▶ DATA FOR PROCESSING

○ ○ ○ ○ ○

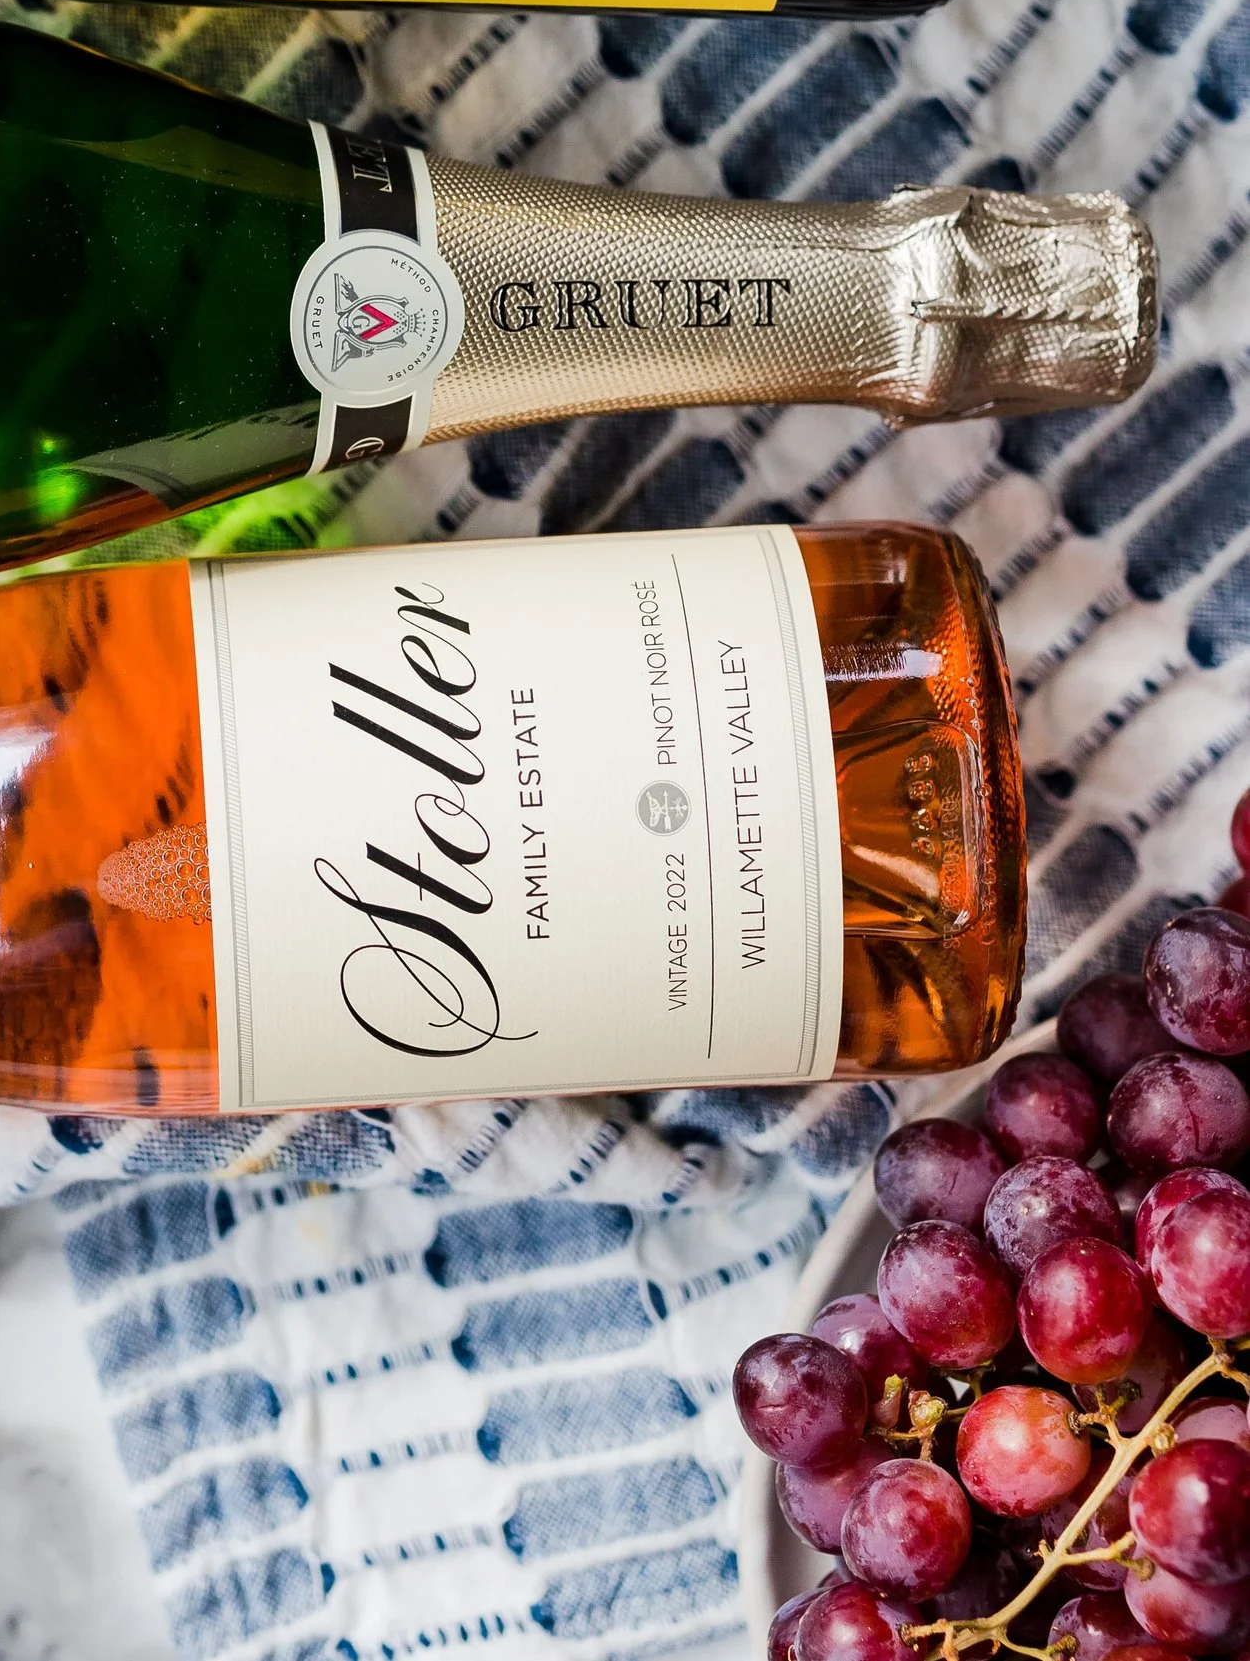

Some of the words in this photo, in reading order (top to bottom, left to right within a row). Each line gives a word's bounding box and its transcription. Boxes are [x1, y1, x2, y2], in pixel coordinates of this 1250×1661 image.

[391, 258, 431, 293] MÉTHOD
[489, 277, 792, 334] GRUET
[311, 296, 325, 349] GRUET
[387, 309, 439, 382] CHAMPENOISE
[630, 579, 662, 626] ROSÉ
[645, 632, 669, 686] NOIR
[651, 693, 677, 765] PINOT
[717, 639, 754, 755] VALLEY
[510, 687, 544, 808] ESTATE
[313, 581, 539, 1058] Stoller
[519, 823, 550, 942] FAMILY
[665, 852, 687, 912] 2022
[731, 764, 766, 970] WILLAMETTE
[668, 923, 688, 1011] VINTAGE
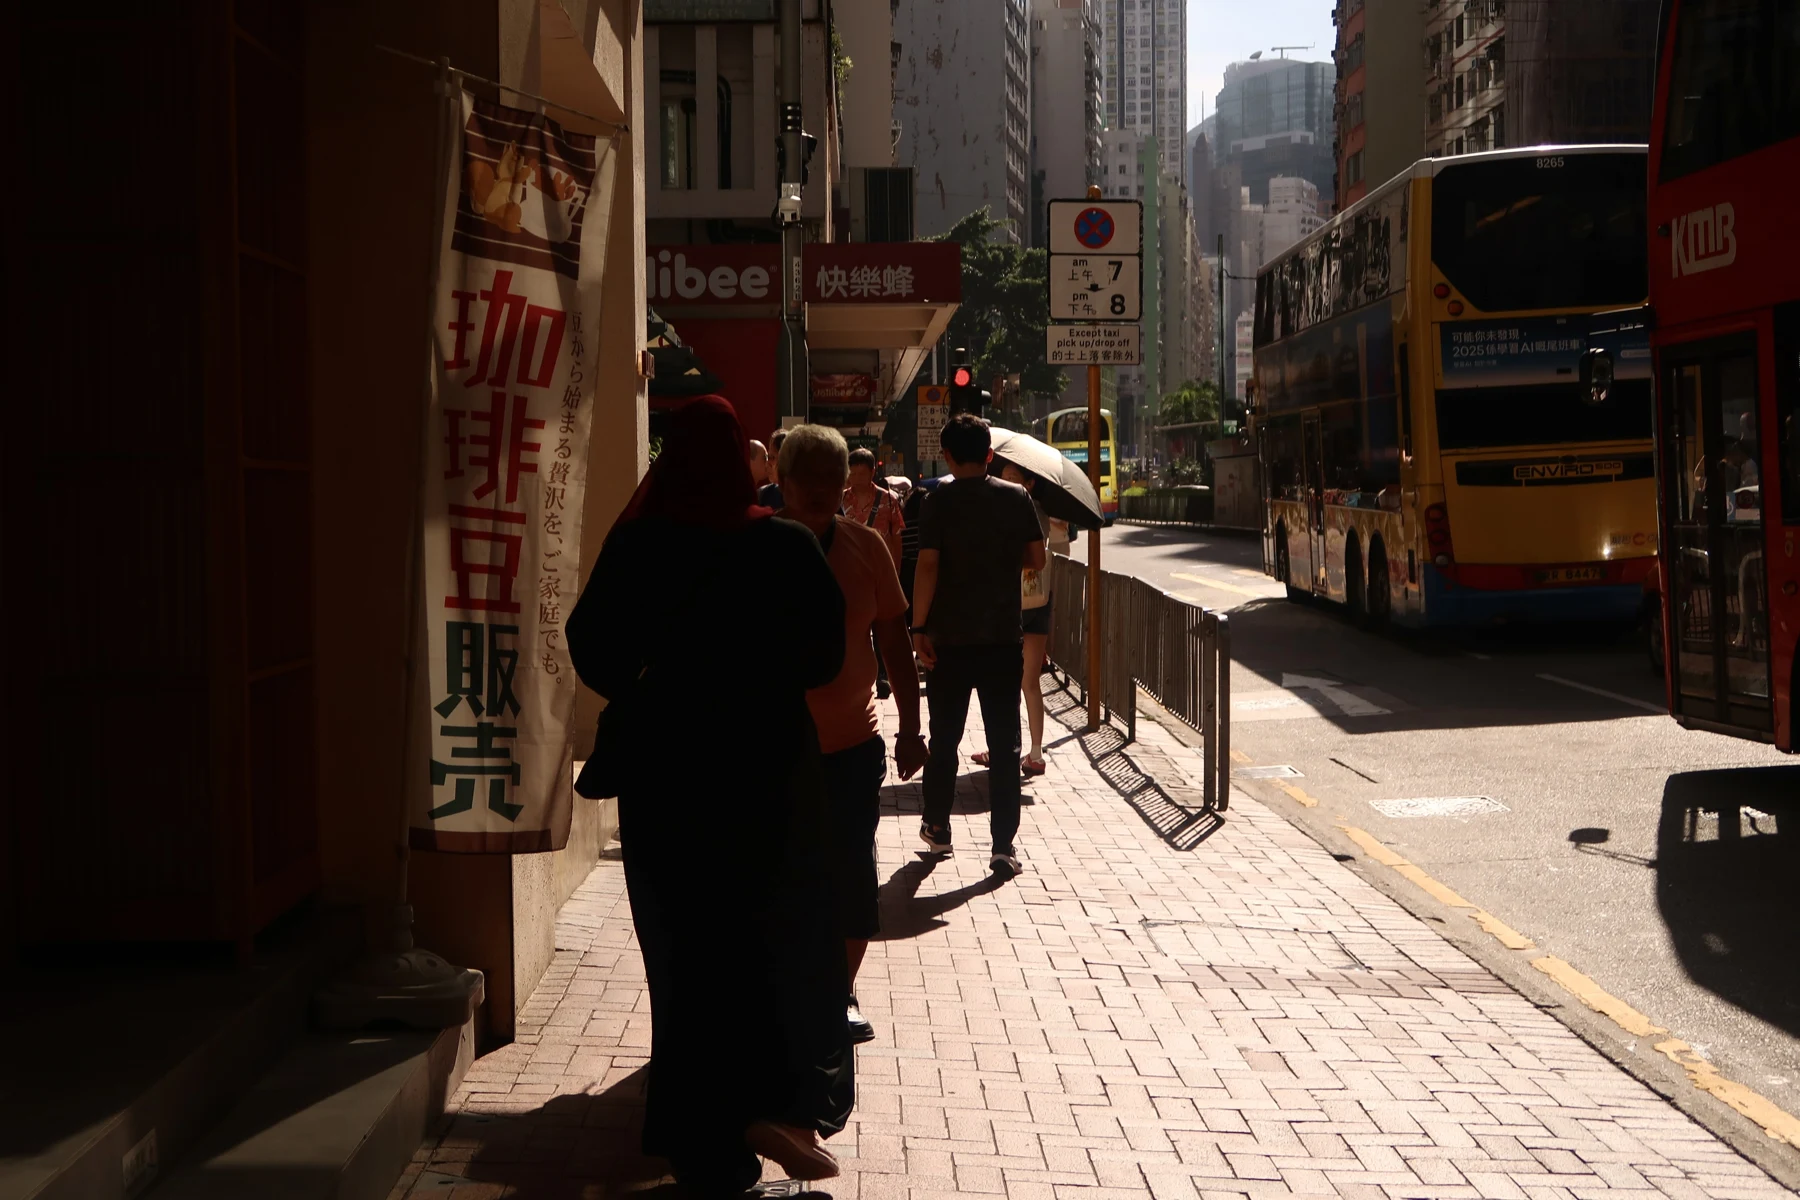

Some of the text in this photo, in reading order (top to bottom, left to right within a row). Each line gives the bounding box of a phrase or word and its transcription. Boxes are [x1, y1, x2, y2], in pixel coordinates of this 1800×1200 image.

[1536, 157, 1565, 169] 8265
[1671, 201, 1738, 279] KMB
[1068, 269, 1093, 281] 上午
[1072, 259, 1123, 281] am 7
[816, 264, 915, 298] 快樂蜂
[1068, 303, 1093, 315] 下午
[1072, 293, 1126, 315] pm 8
[1069, 328, 1120, 338] Except taxi
[1057, 338, 1130, 348] pick up/drop off
[1052, 350, 1134, 362] 的士上落客除外
[427, 269, 567, 822] 珈琲豆販売

○ ○ ○ ○ ○

Keep the pictures out of the copy and write out the data exactly as it stands.

▶ ANSWER BOX
Some of the words in this photo, in reading order (top to bottom, left to right within a row). Each line gives a word's bounding box and its transcription. Boxes are [x1, y1, x2, y2], in pixel coordinates of this 1250×1661 image.

[391, 258, 431, 293] MÉTHOD
[489, 277, 792, 334] GRUET
[311, 296, 325, 349] GRUET
[387, 309, 439, 382] CHAMPENOISE
[630, 579, 662, 626] ROSÉ
[645, 632, 669, 686] NOIR
[651, 693, 677, 765] PINOT
[717, 639, 754, 755] VALLEY
[510, 687, 544, 808] ESTATE
[313, 581, 539, 1058] Stoller
[519, 823, 550, 942] FAMILY
[665, 852, 687, 912] 2022
[731, 764, 766, 970] WILLAMETTE
[668, 923, 688, 1011] VINTAGE

Some of the text in this photo, in reading order (top to bottom, left to right within a row). Each line gives the bounding box of a phrase or word and its transcription. Boxes are [x1, y1, x2, y2], in pixel coordinates of this 1800×1200 image.

[1536, 157, 1565, 169] 8265
[1671, 201, 1738, 279] KMB
[1068, 269, 1093, 281] 上午
[1072, 259, 1123, 281] am 7
[816, 264, 915, 298] 快樂蜂
[1068, 303, 1093, 315] 下午
[1072, 293, 1126, 315] pm 8
[1069, 328, 1120, 338] Except taxi
[1057, 338, 1130, 348] pick up/drop off
[1052, 350, 1134, 362] 的士上落客除外
[427, 269, 567, 822] 珈琲豆販売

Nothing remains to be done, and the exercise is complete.